Alternatively, as shown in fig. 14-16, in the present embodiment, the lower die base 300 includes a bottom plate 310 and two opposite fixed lower dies 320 and movable lower dies 330. Four second bar holes 310a penetrating the bottom plate 310 are formed at both sides of the bottom plate 310, and the bottom plate 310 is fastened to the frame 100 by bolts penetrating the second bar holes 310 a. Two third bar-shaped holes 310b are formed in the mounting area of the base plate 310 in parallel, and the movable lower die 330 is fastened to the base plate 310 by bolts passing through the third bar-shaped holes 310 b.

Therefore, when the terminal crimping is required to be performed on electrons with different lengths, the bottom plate 310 and the movable lower die 330 can be moved by loosening the bolts penetrating through the second strip-shaped holes 310a and the third strip-shaped holes 310b, and the positions of the fixed lower die 320 and the movable lower die 330 are adjusted, so that the resistors with different lengths can be borne by the fixed lower die and the movable lower die, and the fixed lower die corresponds to the upper die base 200, and the crimping of the electrons with different lengths is realized.

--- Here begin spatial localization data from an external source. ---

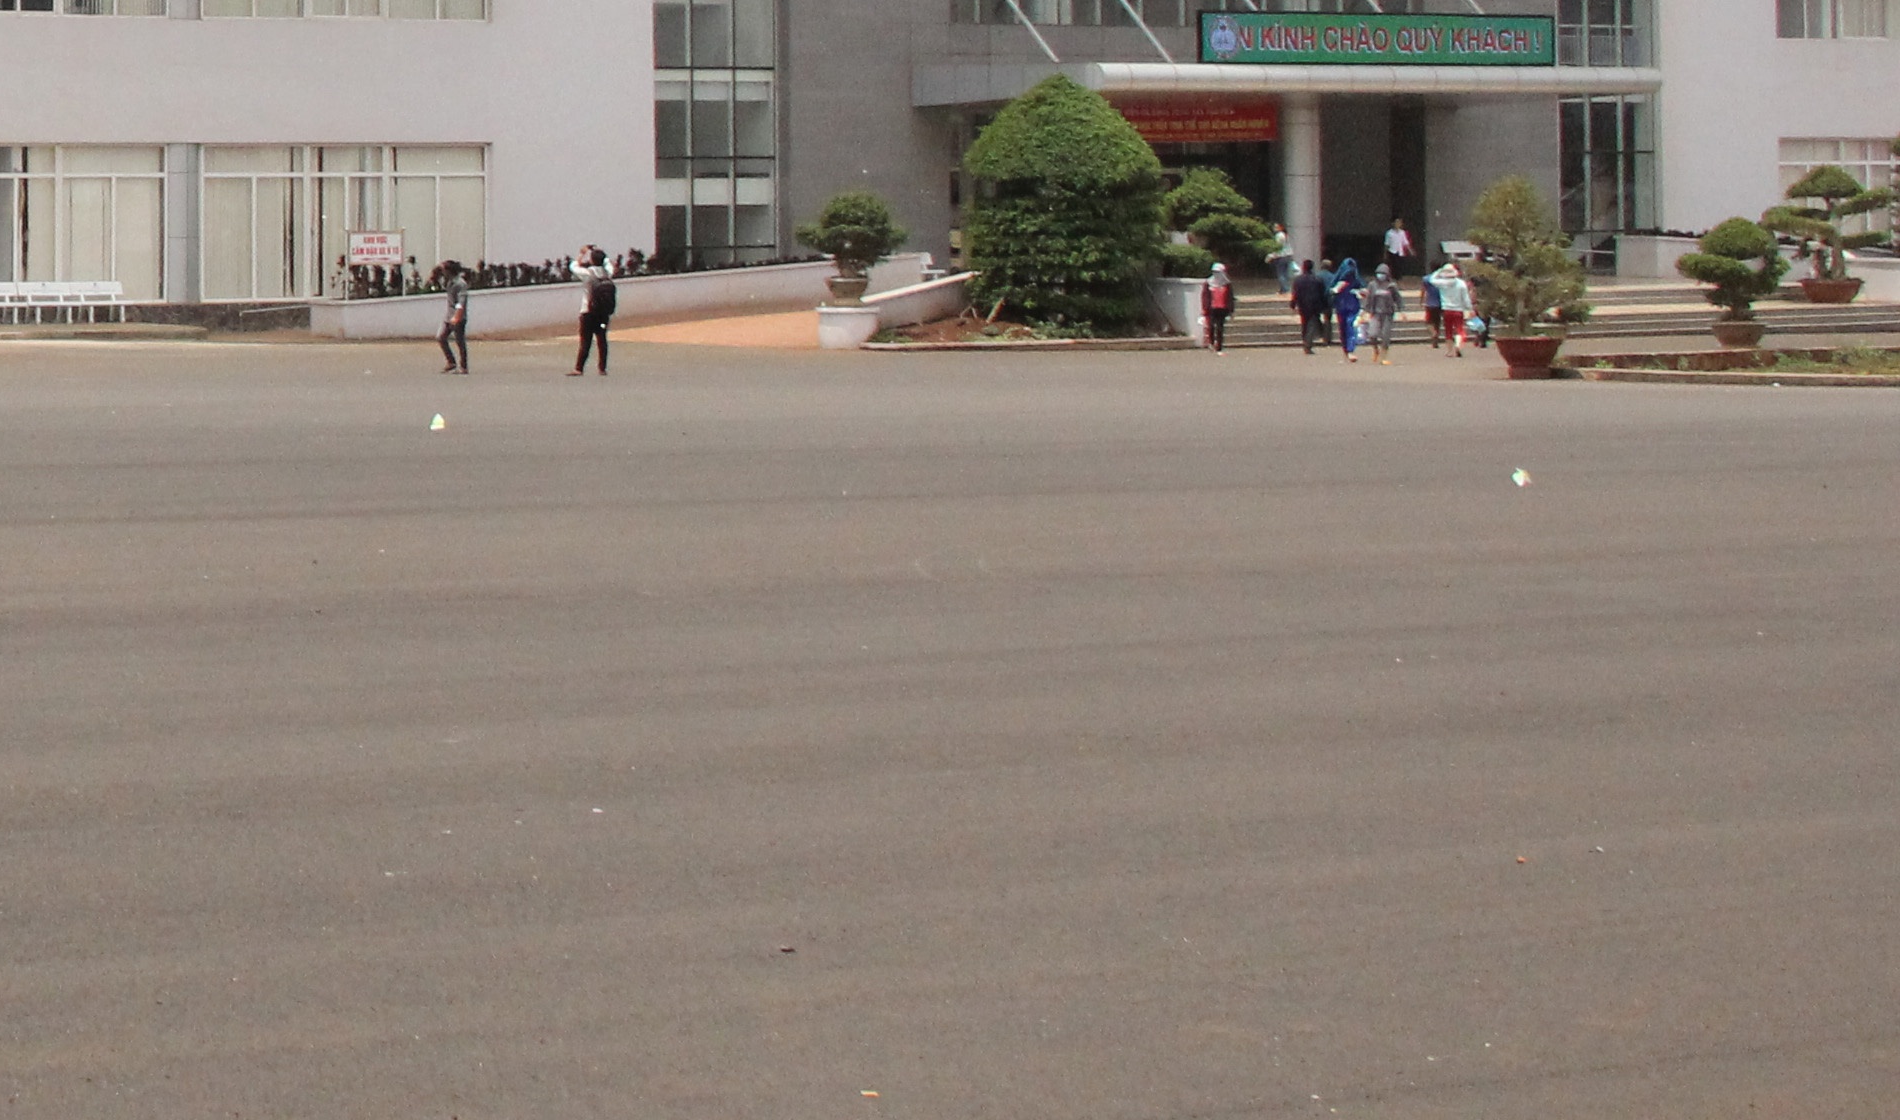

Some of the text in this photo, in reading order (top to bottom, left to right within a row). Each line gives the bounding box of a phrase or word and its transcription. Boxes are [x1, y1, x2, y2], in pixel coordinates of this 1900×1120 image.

[1259, 20, 1317, 52] KÍNH
[1322, 21, 1391, 53] CHÀO
[1450, 25, 1529, 54] KHÁCH
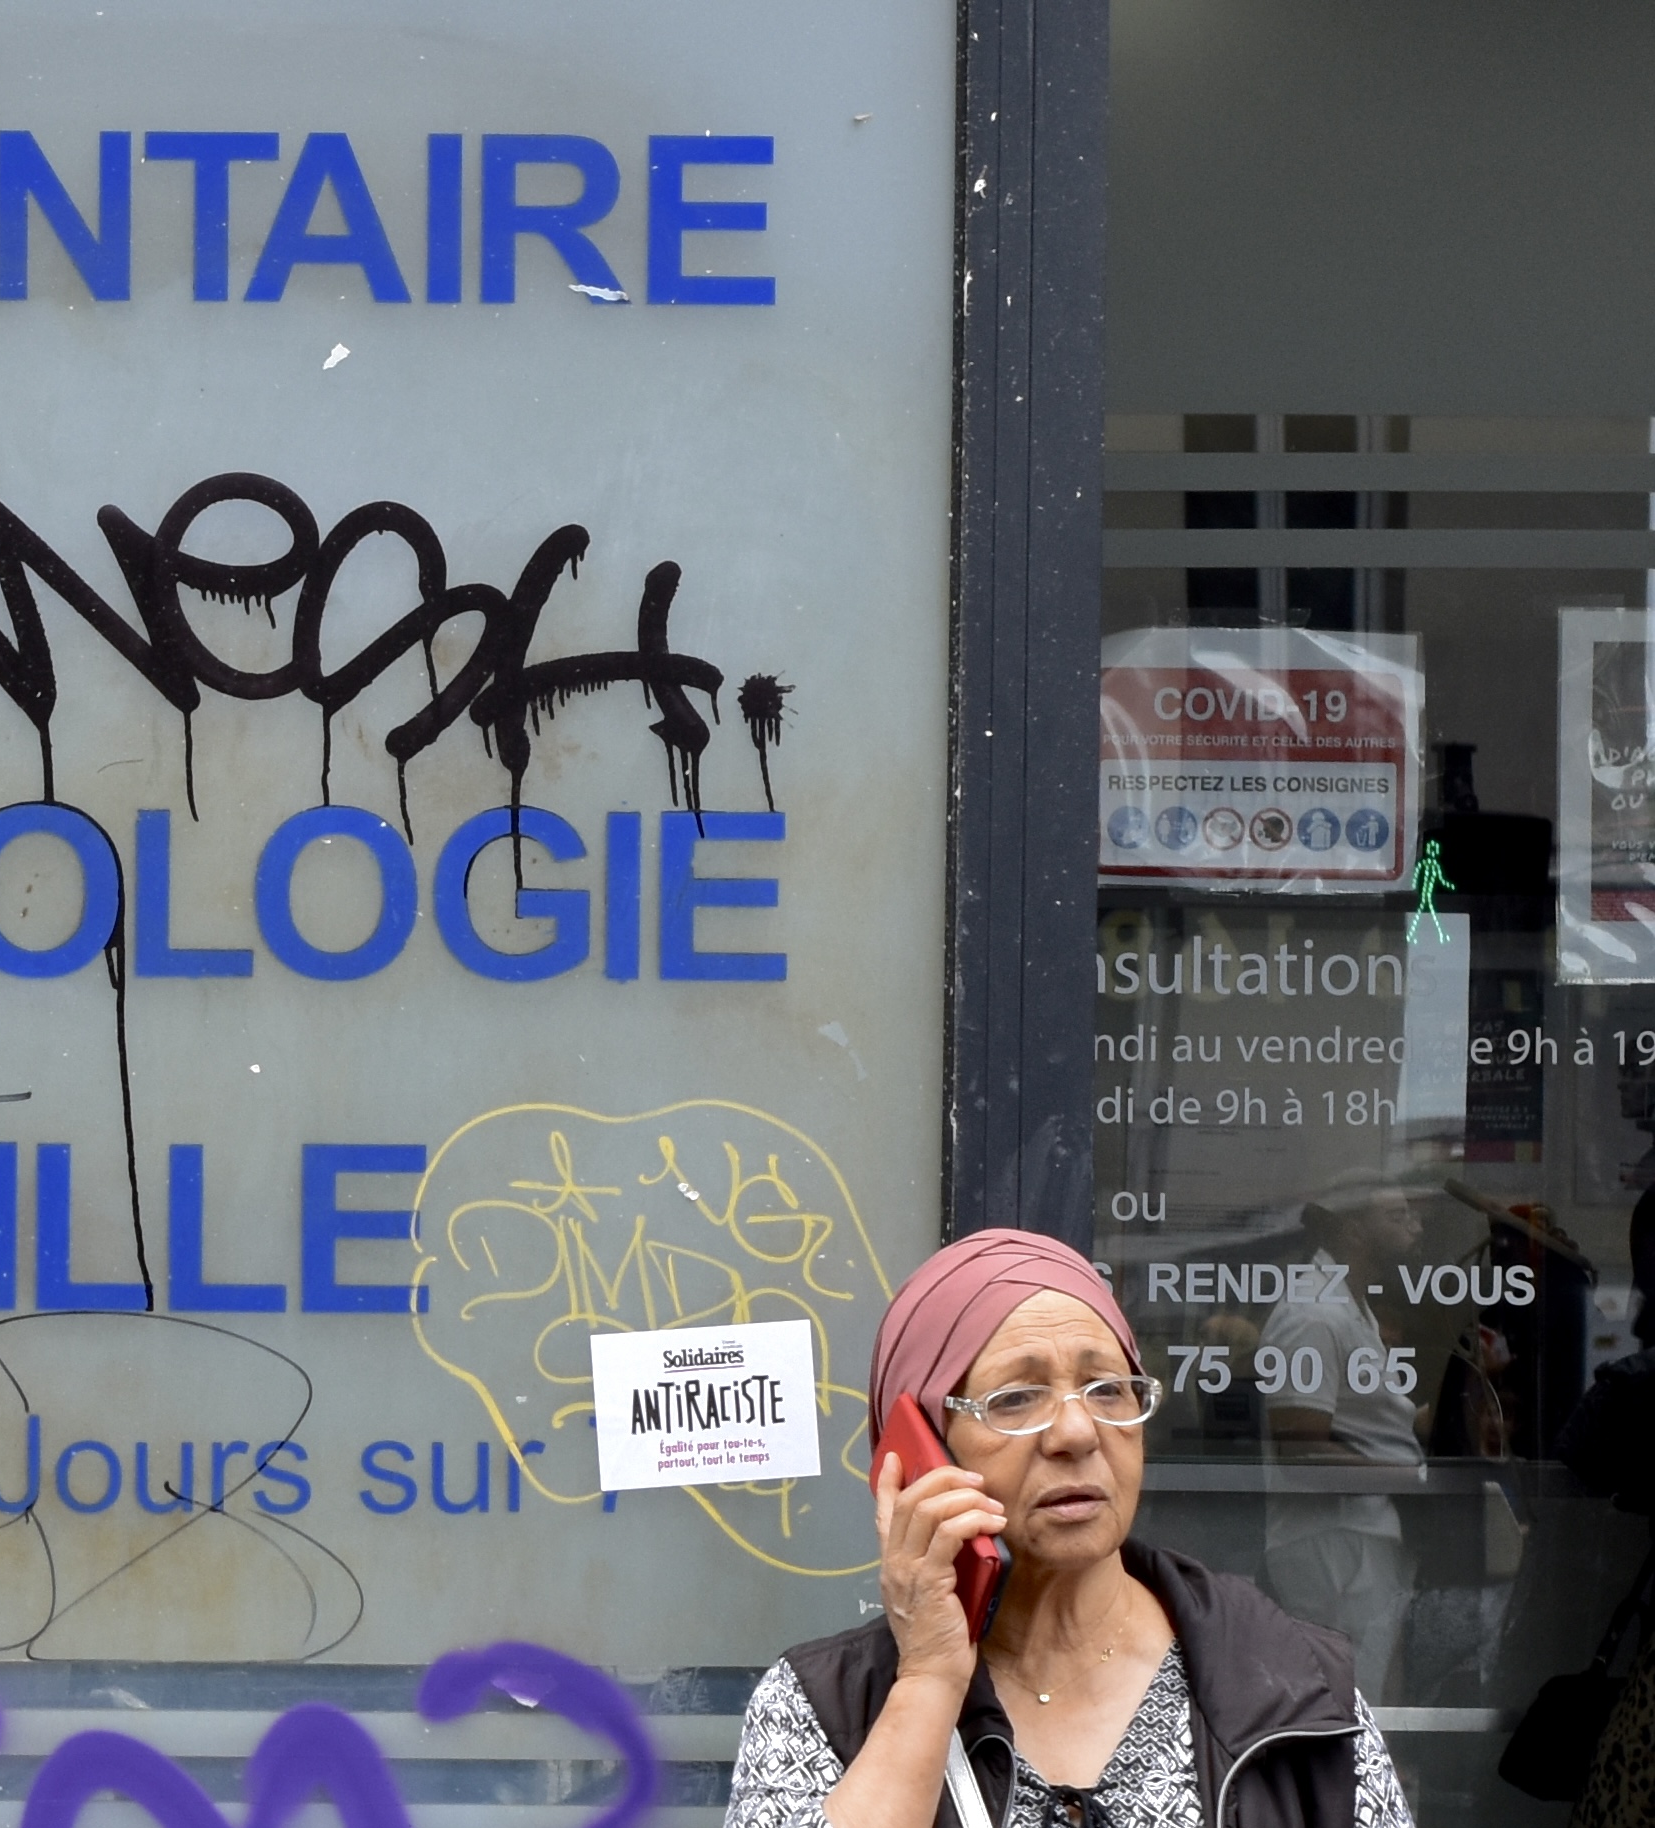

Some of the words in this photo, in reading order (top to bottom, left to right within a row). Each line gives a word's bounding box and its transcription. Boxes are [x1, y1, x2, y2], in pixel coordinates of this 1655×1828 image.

[1154, 687, 1348, 723] COVID-19
[1103, 734, 1139, 746] POUR
[1141, 733, 1183, 746] VOTRE
[1187, 732, 1249, 747] SÉCURITÉ
[1252, 735, 1267, 747] ET
[1272, 735, 1309, 747] CELLE
[1316, 736, 1342, 748] DES
[1345, 737, 1397, 749] AUTRES
[1108, 775, 1224, 791] RESPECTEZ
[1230, 776, 1267, 792] LES
[1273, 776, 1390, 794] CONSIGNES
[1093, 1024, 1158, 1063] ndi
[1172, 1034, 1223, 1064] au
[1507, 1027, 1558, 1066] 9h
[1572, 1026, 1595, 1066] à
[1096, 1086, 1135, 1125] di
[1149, 1086, 1202, 1125] de
[1216, 1087, 1268, 1126] 9h
[1281, 1087, 1305, 1126] à
[1323, 1087, 1396, 1127] 18h
[1111, 1191, 1166, 1222] ou
[1148, 1263, 1351, 1304] RENDEZ
[1398, 1264, 1536, 1306] VOUS
[663, 1346, 745, 1369] Solidaires
[1167, 1346, 1232, 1394] 75
[1254, 1346, 1325, 1395] 90
[1347, 1346, 1418, 1395] 65
[697, 1440, 720, 1455] pour
[702, 1454, 723, 1466] tout
[726, 1451, 736, 1464] le
[739, 1452, 770, 1465] temps
[360, 1440, 545, 1515] sur

Optionally, in this embodiment, the fixed lower die 320 includes an outer fixing seat 321, an inner fixing seat 322, and a forming die 323, the outer fixing seat 321 is fixed on the bottom plate 310, the inner fixing seat 322 is fixed on the outer fixing seat 321, the inner fixing seat 321 has a vertically arranged mounting groove (not shown), a wedge-shaped slider 324 capable of sliding along the groove bottom of the mounting groove is arranged at the groove bottom of the mounting groove, the forming die 323 is inserted into the mounting groove, and the bottom surface of the forming die 324 is in sliding fit with the top surface of the wedge-shaped slider 324.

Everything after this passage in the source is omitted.